O evento teve a presença do presidente da República, Luiz Inácio Lula da Silva, e de lideranças dos três órgãos que atuam diretamente na implantação do novo sistema tributário brasileiro, incluindo gestores e especialistas. O lançamento simboliza um dos mais relevantes marcos da modernização do Estado brasileiro nas últimas décadas, ao unir transformação fiscal, inovação tecnológica e soberania digital.
A mudança para os novos tributos sobre o consumo teve início no começo deste ano a partir da garantia de um período educativo, sem aplicação de penalidades, para que as empresas possam se adaptar às novas regras. O ano de 2026 é considerado um ano de testes da Reforma Tributária e, por isso, as empresas terão até o quarto mês após o regulamento para testar os novos sistemas e se adaptarem, com a garantia de que não haverá penalidades.

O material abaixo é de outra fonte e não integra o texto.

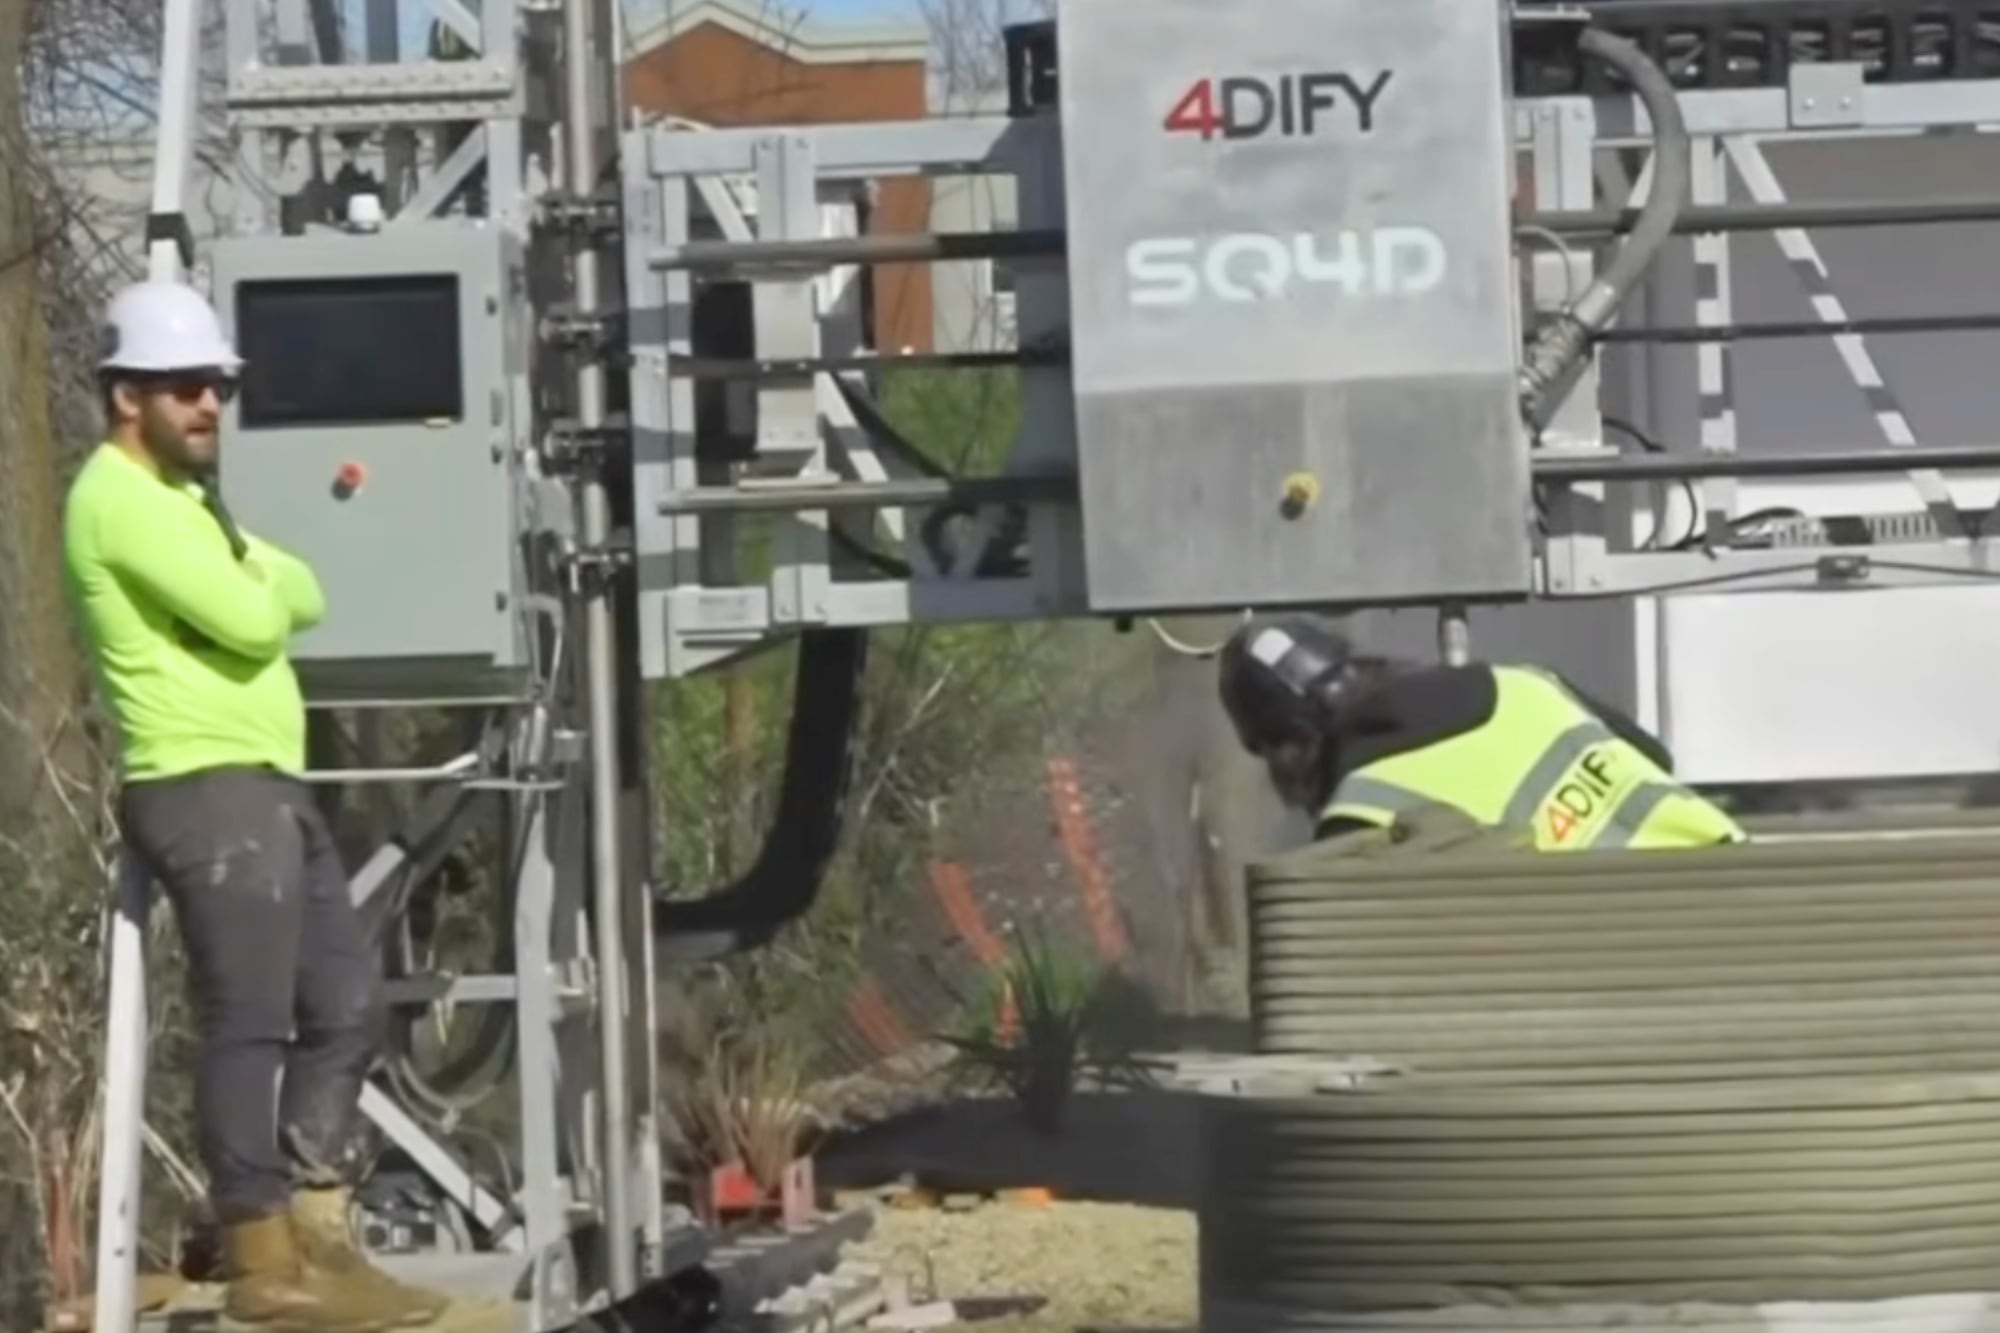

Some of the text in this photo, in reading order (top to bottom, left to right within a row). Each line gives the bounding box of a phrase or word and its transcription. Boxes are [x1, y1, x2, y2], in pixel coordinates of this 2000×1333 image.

Após este período de adaptação, as empresas de maior porte passarão a informar nas notas fiscais os valores correspondentes às alíquotas-teste de CBS (0,9%) e de IBS (0,1%), que possuem caráter meramente informativas, sendo suficiente o seu destaque em nota para que não haja qualquer recolhimento. O objetivo é testar sistemas, validar processos e subsidiar o cálculo das alíquotas definitivas que manterão a carga tributária atual.
Para o consumidor, não há impacto nos preços. As informações passam a constar nas notas fiscais apenas de forma informativa, ampliando a transparência sobre a formação dos tributos. Empresas optantes pelo Simples Nacional e microempreendedores individuais não precisam cumprir a obrigação neste primeiro momento.
O período inicial tem caráter educativo e colaborativo. Notas emitidas sem os novos campos não serão rejeitadas, não haverá autuações por um período inicial e as administrações tributárias seguem em fase de adaptação à plataforma nacional.
Um dos marcos centrais desse processo é a entrada em funcionamento, desde segunda-feira (12/1), do Portal da Reforma Tributária, desenvolvido pelo Serpro em parceria com a Receita Federal. A plataforma será acessada por meio do GOV.BR e concentrará funcionalidades como calculadora de tributos, apuração assistida, declaração pré-preenchida e monitoramento em tempo real de valores a pagar e créditos a receber pelas empresas.
"Sem simplificação e transparência, o Estado não consegue avançar em justiça tributária. O IVA é o primeiro passo para organizar o sistema e permitir escolhas mais equilibradas no futuro", afirma o ministro da Fazenda, Fernando Haddad. "A reforma do consumo não é uma medida pontual. Ela cria as bases para reorganizar o Estado brasileiro, dar previsibilidade à economia e permitir políticas públicas mais justas no futuro", acrescenta Haddad.
Segundo o presidente do Serpro, Wilton Mota, o sistema representa um salto tecnológico sem precedentes. "O Portal da Reforma Tributária vai centralizar um volume de transações com arquivos até 150 vezes maiores que os do Pix. Estamos falando da maior infraestrutura digital tributária já construída no país", afirma.
Trata-se da maior plataforma digital já desenvolvida para o sistema tributário brasileiro, com capacidade estimada para processar cerca de 200 milhões de operações por dia e movimentar aproximadamente cinco petabytes de dados por ano. O portal foi testado por quase 500 empresas nos últimos seis meses.